えくれあは今しがた自分達がしたことが理解できないといった様子で【敗者】が居た虚空を見つめていた。

「…そうだ、フェーくん達っ!!」
「あぁっ!?」

2人は慌てて倒れているフェデルタ達の元へと向かった。

「フェーくんっ!!」
「…お嬢様……その眼は…」
「…大丈夫です。もう、前のようにはなりません。」

えくれあの言葉に、フェデルタは安堵の表情を浮かべた。

「そう、ですか…ルーサーは……?」
「大丈夫だよっ!やっつけたの、わたし達がっ!!」
「…そうですか。流石は、お嬢様方ですね…奥様の事は…?」
「…分かりません。でも、必ず見つけ出して救ってみせます。もう、ルーサーは居ないのですから…!!」

2人の言葉を聞いたフェデルタは、安心した様子で目を閉じた。

「…ねぇフェーくんっ?そういえばフィリアちゃんはどこっ?」
「え…?近くに、居ないのですか…!?」
「わたし達が来た時にはもう居なかったよ…っ?」
「まさか、ルーサーの言葉にショックを受けて……!?」
「フィリアさんの、お兄様…僕が……」

一転、沈痛な表情を浮かべるフェデルタ。

「…と、とにかく一旦帰ろうっ?フィリアちゃんのこともここに居たら分からないし、フェーくんは手当てしなきゃだし、みんなの事も心配だしっ、」
「私達は…まず自分の心配、ですね…もう、限界です……」

力を使い切った様子のえくれあは、今にも倒れそうにふらふらとしていた。

「…僕は何とか1人で歩けます。エーテルお嬢様は、えくれあお嬢様を支えてあげてください。」
「うん、分かったっ!!……って、あれれ…?」
「……私も自分で歩きます。姉さん、キャンプシップまでは頑張ってくださいね…。」

こうしてお互い身を寄せ合うようにしながら、3人はキャンプシップへと歩き出した。そしてその頃……。



「………。」

えくれあ達のキャンプシップの操縦席に座り、虚ろな目をしながらシップを操作する、少女。

「…………。」

間もなくシップは惑星・ナベリウスに到着した。

「……………。
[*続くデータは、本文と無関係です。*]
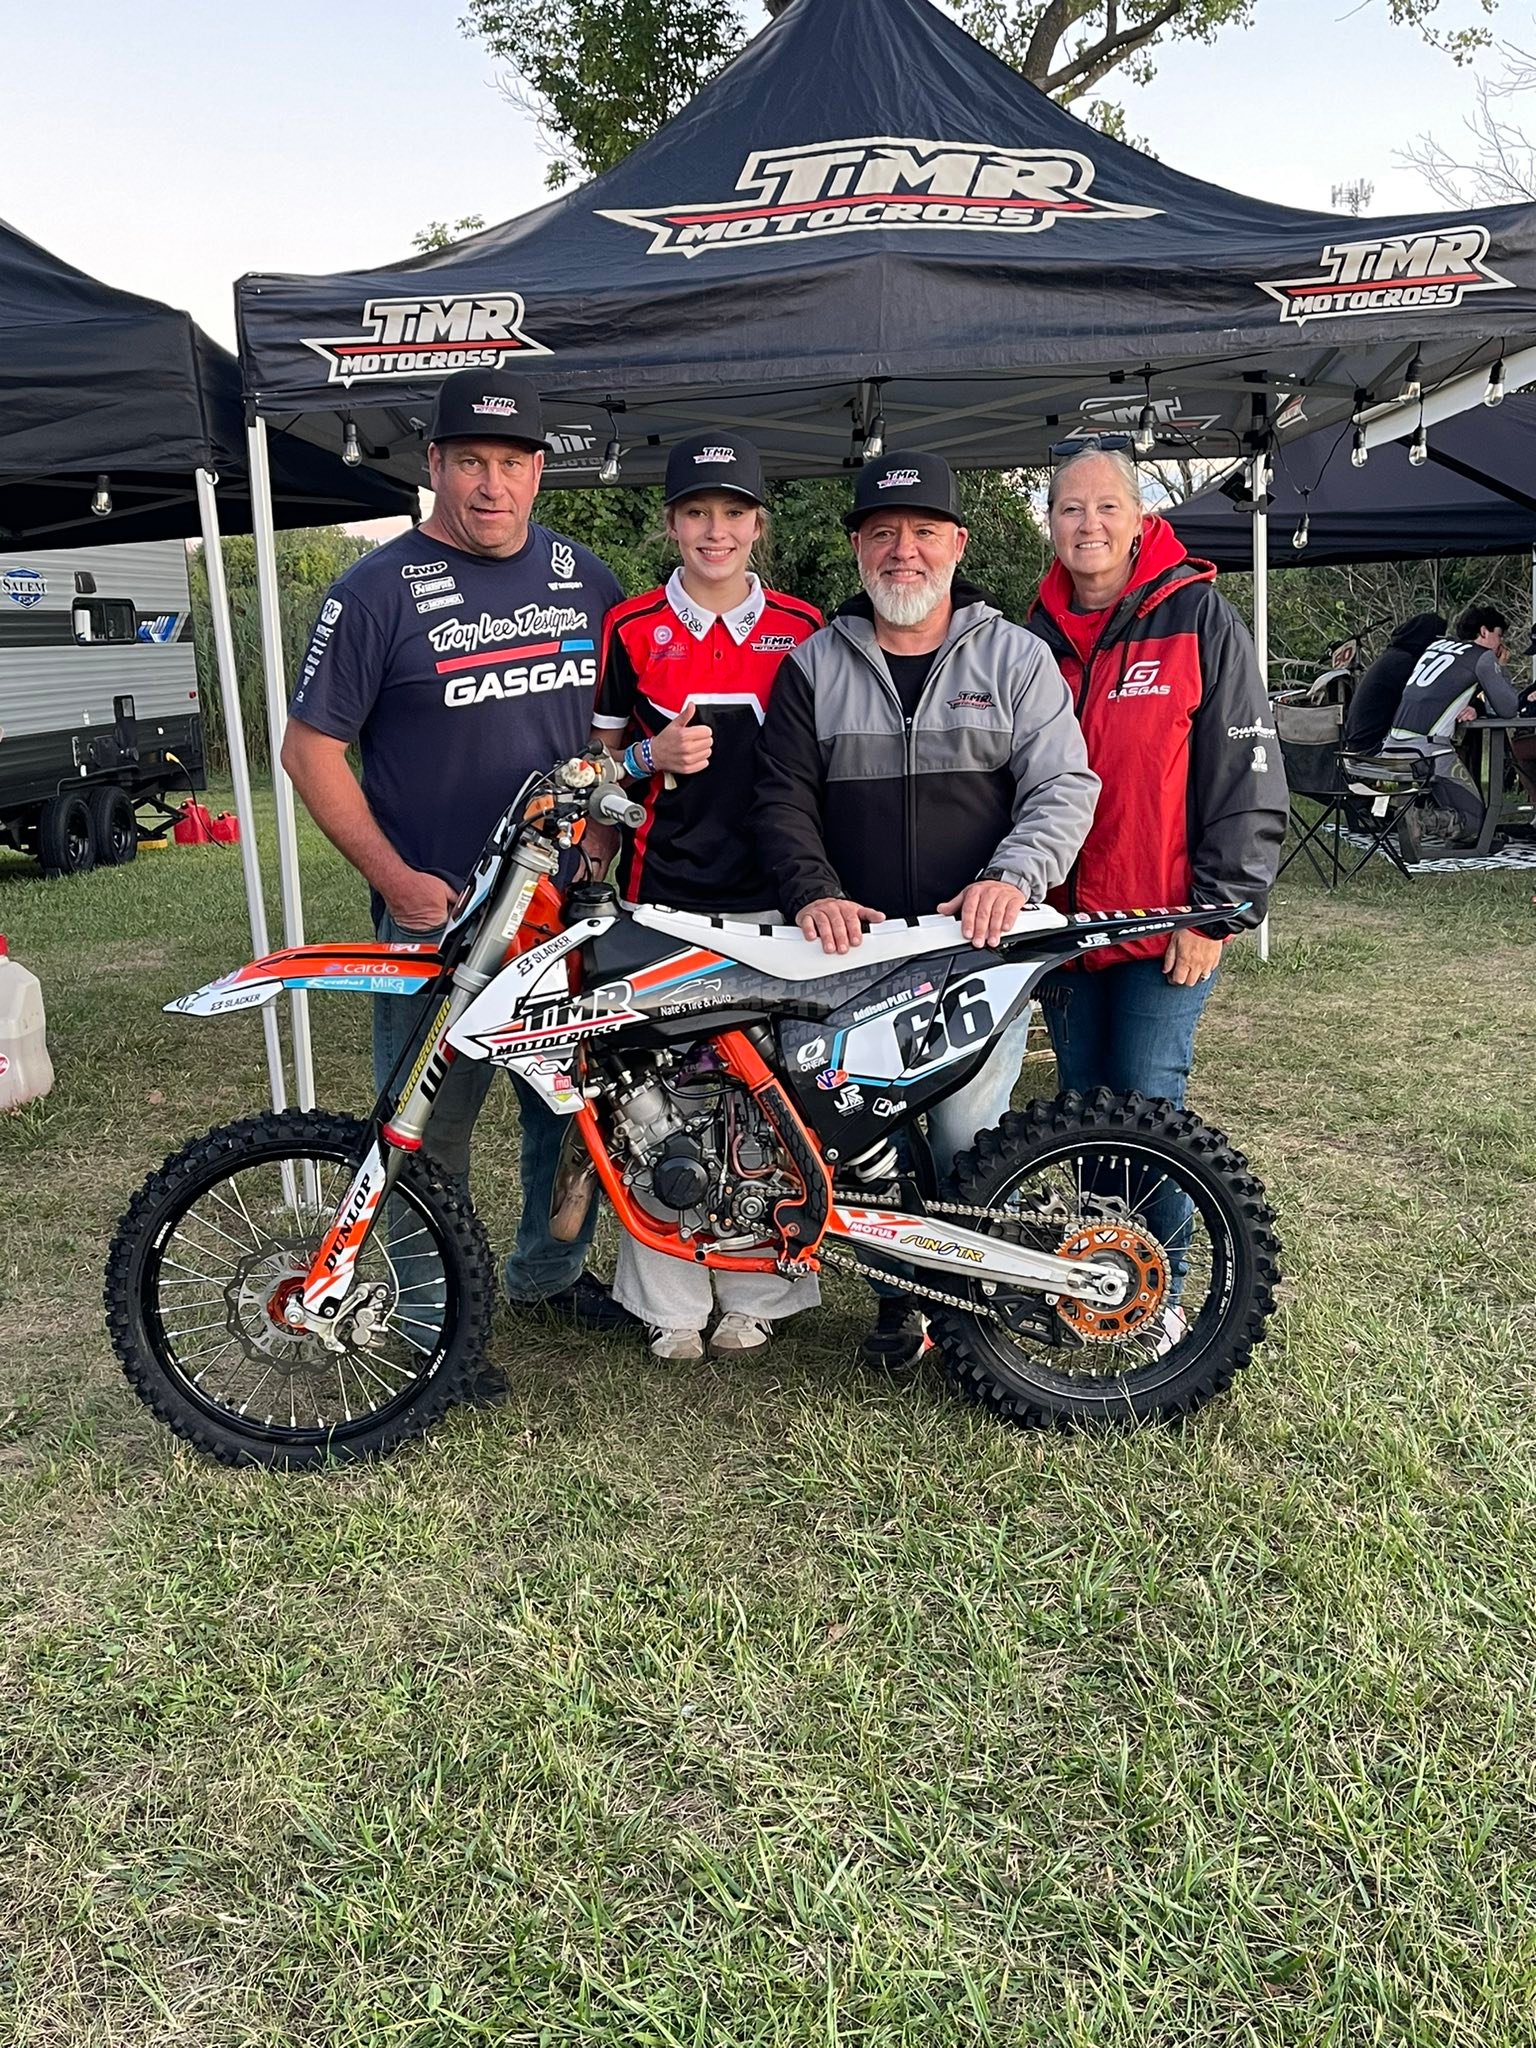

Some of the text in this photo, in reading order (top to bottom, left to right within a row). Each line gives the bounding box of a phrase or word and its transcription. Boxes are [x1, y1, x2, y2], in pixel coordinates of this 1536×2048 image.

[675, 203, 1035, 244] MOTOCROSS
[1290, 284, 1455, 315] MOTOCROSS
[339, 349, 497, 374] MOTOCROSS
[3, 579, 47, 593] SALEM
[430, 619, 478, 652] Troy
[481, 613, 516, 643] Lee
[1406, 651, 1456, 688] 50
[444, 658, 597, 707] GASGAS
[1107, 684, 1171, 700] GASGAS
[532, 935, 572, 963] SLACKER
[343, 962, 399, 974] cardo
[224, 993, 261, 1008] SLACKER
[660, 1003, 686, 1016] Nate's
[687, 1001, 703, 1011] Tire
[712, 994, 732, 1006] Auto
[853, 1001, 889, 1022] Addison
[893, 978, 995, 1070] 66
[496, 1023, 623, 1055] MOTOCROSS
[524, 1057, 574, 1076] ASV
[816, 1068, 837, 1089] VP
[323, 1172, 372, 1275] DUNLOP
[849, 1222, 896, 1239] MOTUL
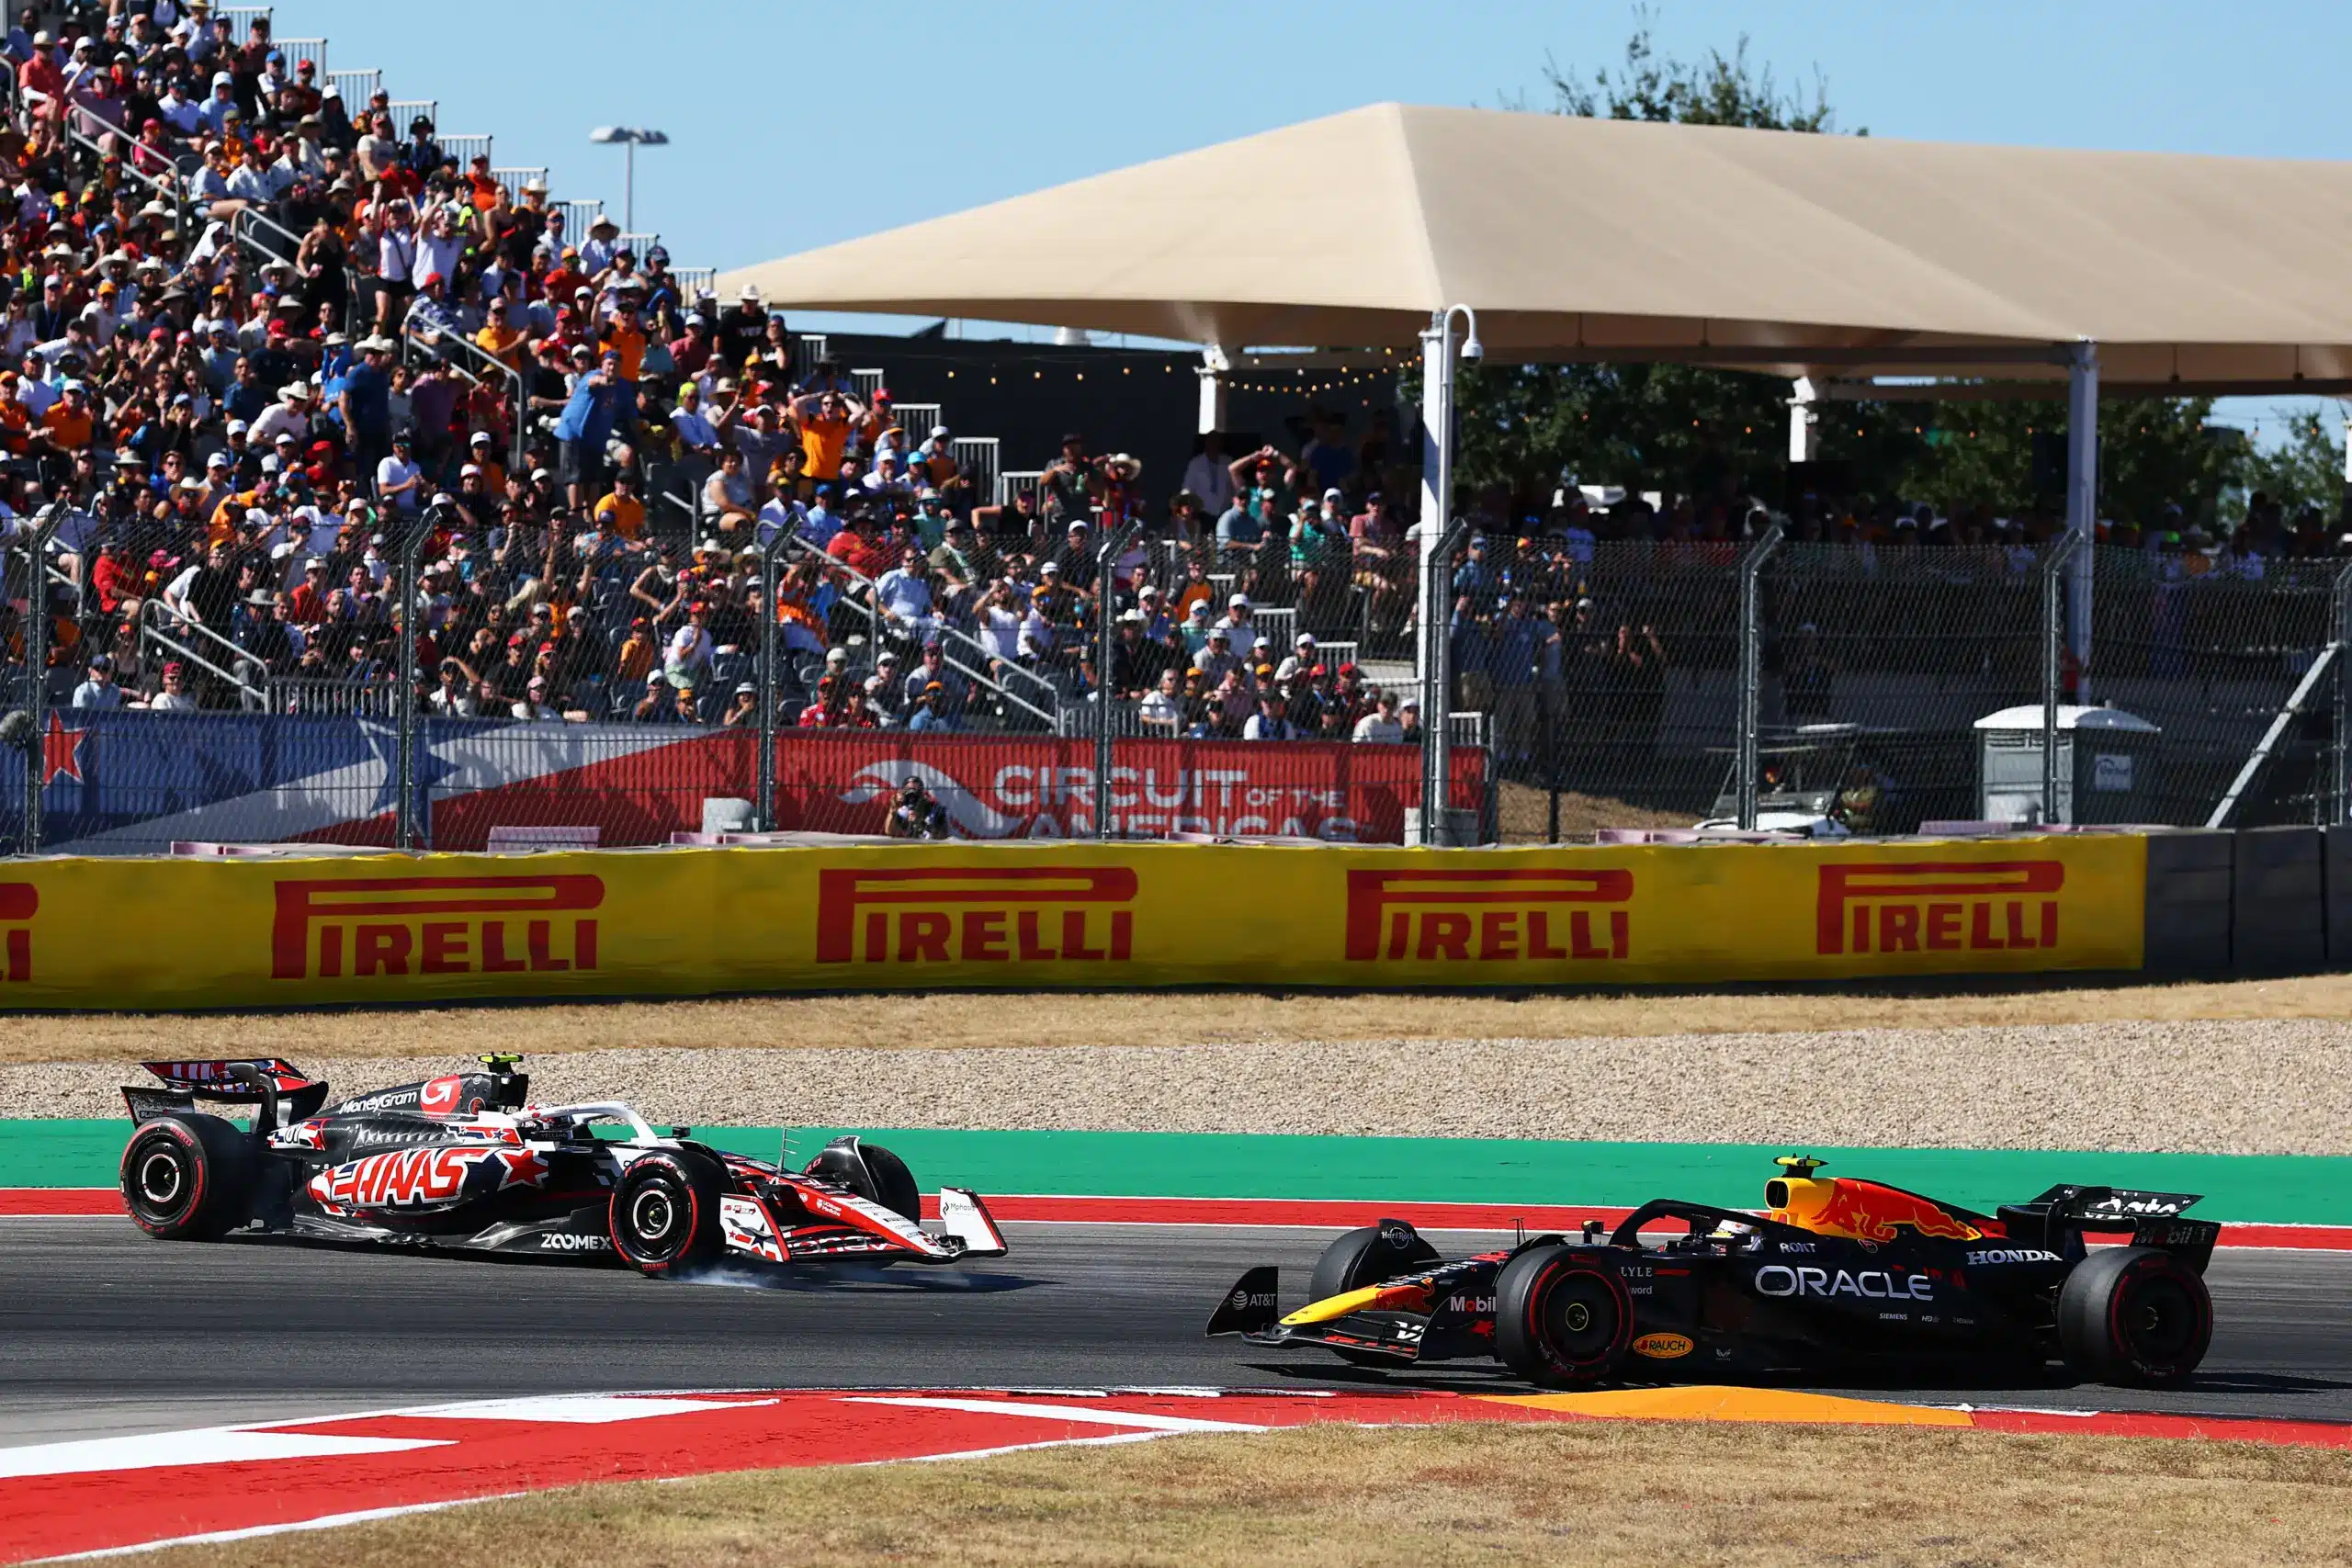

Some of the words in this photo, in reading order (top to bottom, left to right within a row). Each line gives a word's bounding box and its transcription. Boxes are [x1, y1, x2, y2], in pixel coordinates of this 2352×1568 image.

[994, 765, 1248, 808] CIRCUIT
[1245, 787, 1283, 807] OF
[1291, 789, 1345, 807] THE
[816, 866, 1138, 964] PIRELLI
[1344, 869, 1634, 962] PIRELLI
[1816, 860, 2064, 955] PIRELLI
[271, 874, 605, 979] PIRELLI
[338, 1089, 417, 1114] MoneyGram
[331, 1146, 491, 1205] HAAS
[540, 1233, 613, 1250] ZOOMEX
[1966, 1249, 2064, 1266] HONDA
[1620, 1267, 1653, 1277] LYLE
[1755, 1265, 1934, 1302] ORACLE
[1250, 1293, 1276, 1306] AT&T
[1450, 1295, 1497, 1313] Mobil
[1879, 1313, 1908, 1321] SIEMENS
[1648, 1339, 1686, 1351] RAUCH
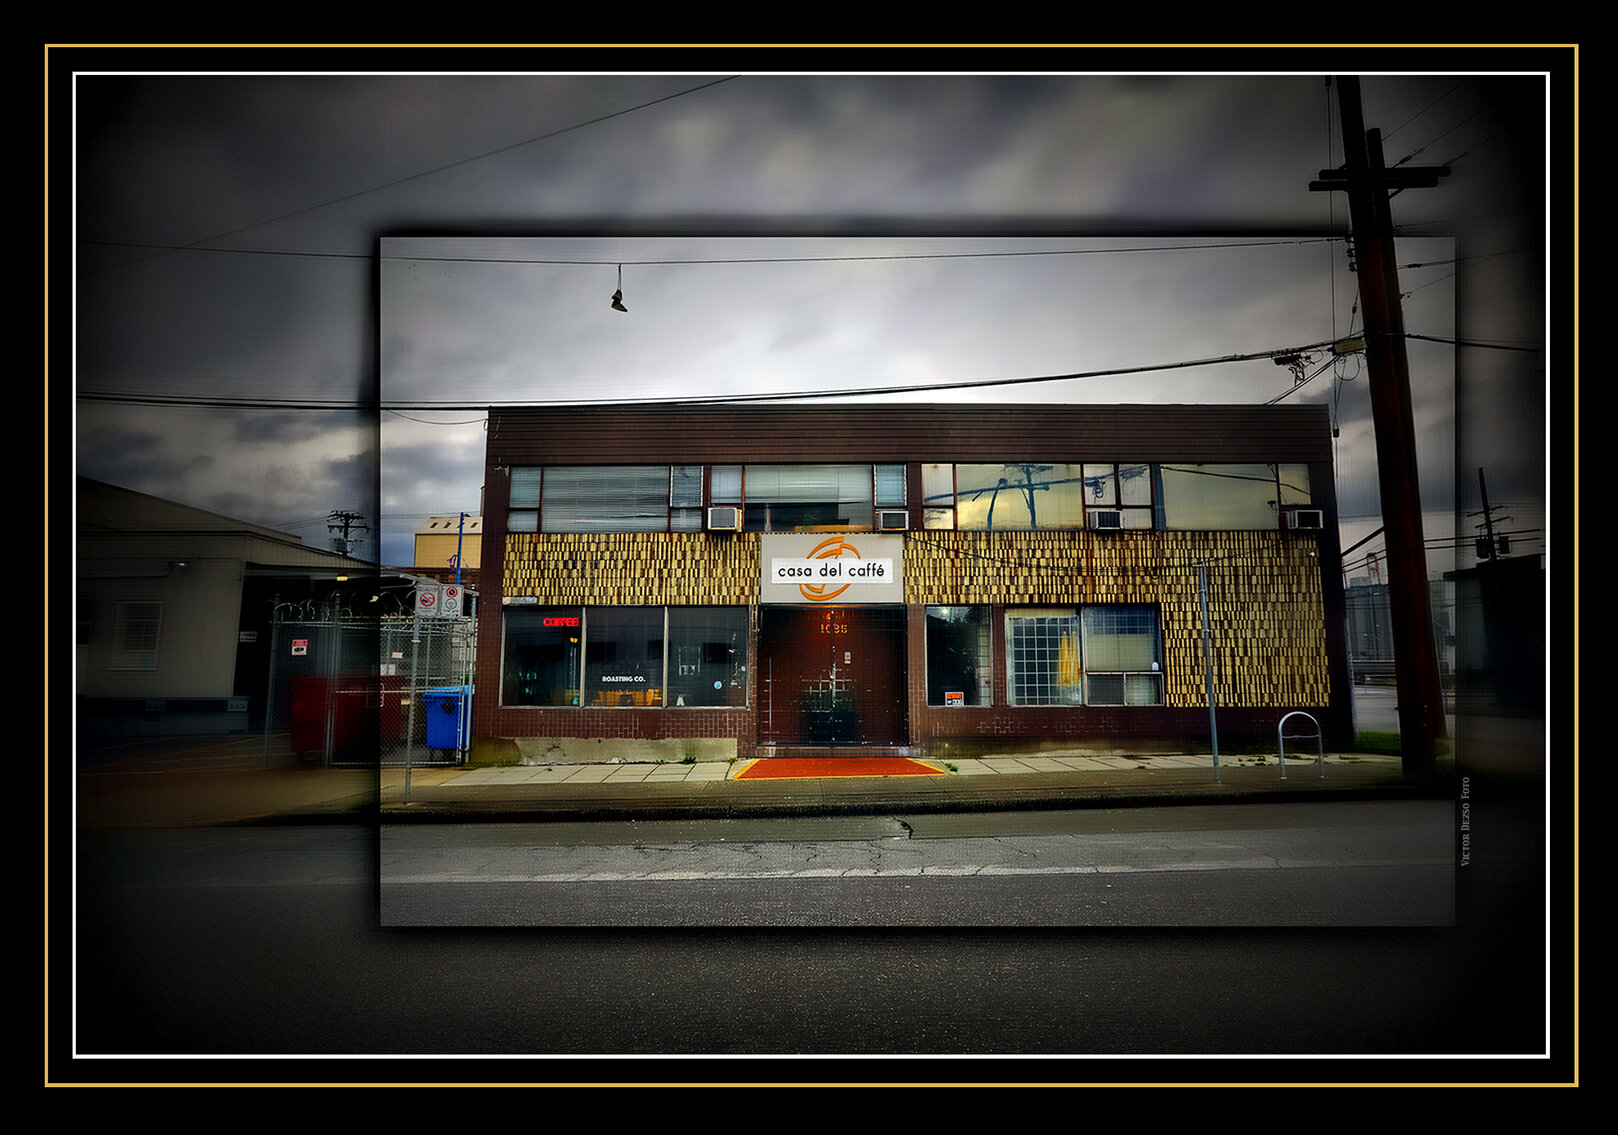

」

フィリアは無言のまま、ふらふらと夜の森林の闇へと歩を進めていく。

「「ワオオオオオオン!!!!」」
「………………。」

獲物の匂いを嗅ぎ付けたのだろうかそこへ、2頭の《フォンガルフ》が現れた。2頭は頭部に侵食核を付けていたが、それを見た瞬間、フィリアの様子が一変した。

「…………………!!!!」

虚ろな目に深い殺意を宿らせた彼女は、双小剣《ノクスネシス》を抜いた。そして迫り来る《フォンガルフ》達に躊躇わず振り下ろし、その首を乱暴に胴体から引き剥がした。


「……………………。」

飛び散ってかかった返り血さえ気に留めず、再び少女は歩き出す。そして森林奥深くの闇に同化し、やがてその姿を消したのだった………。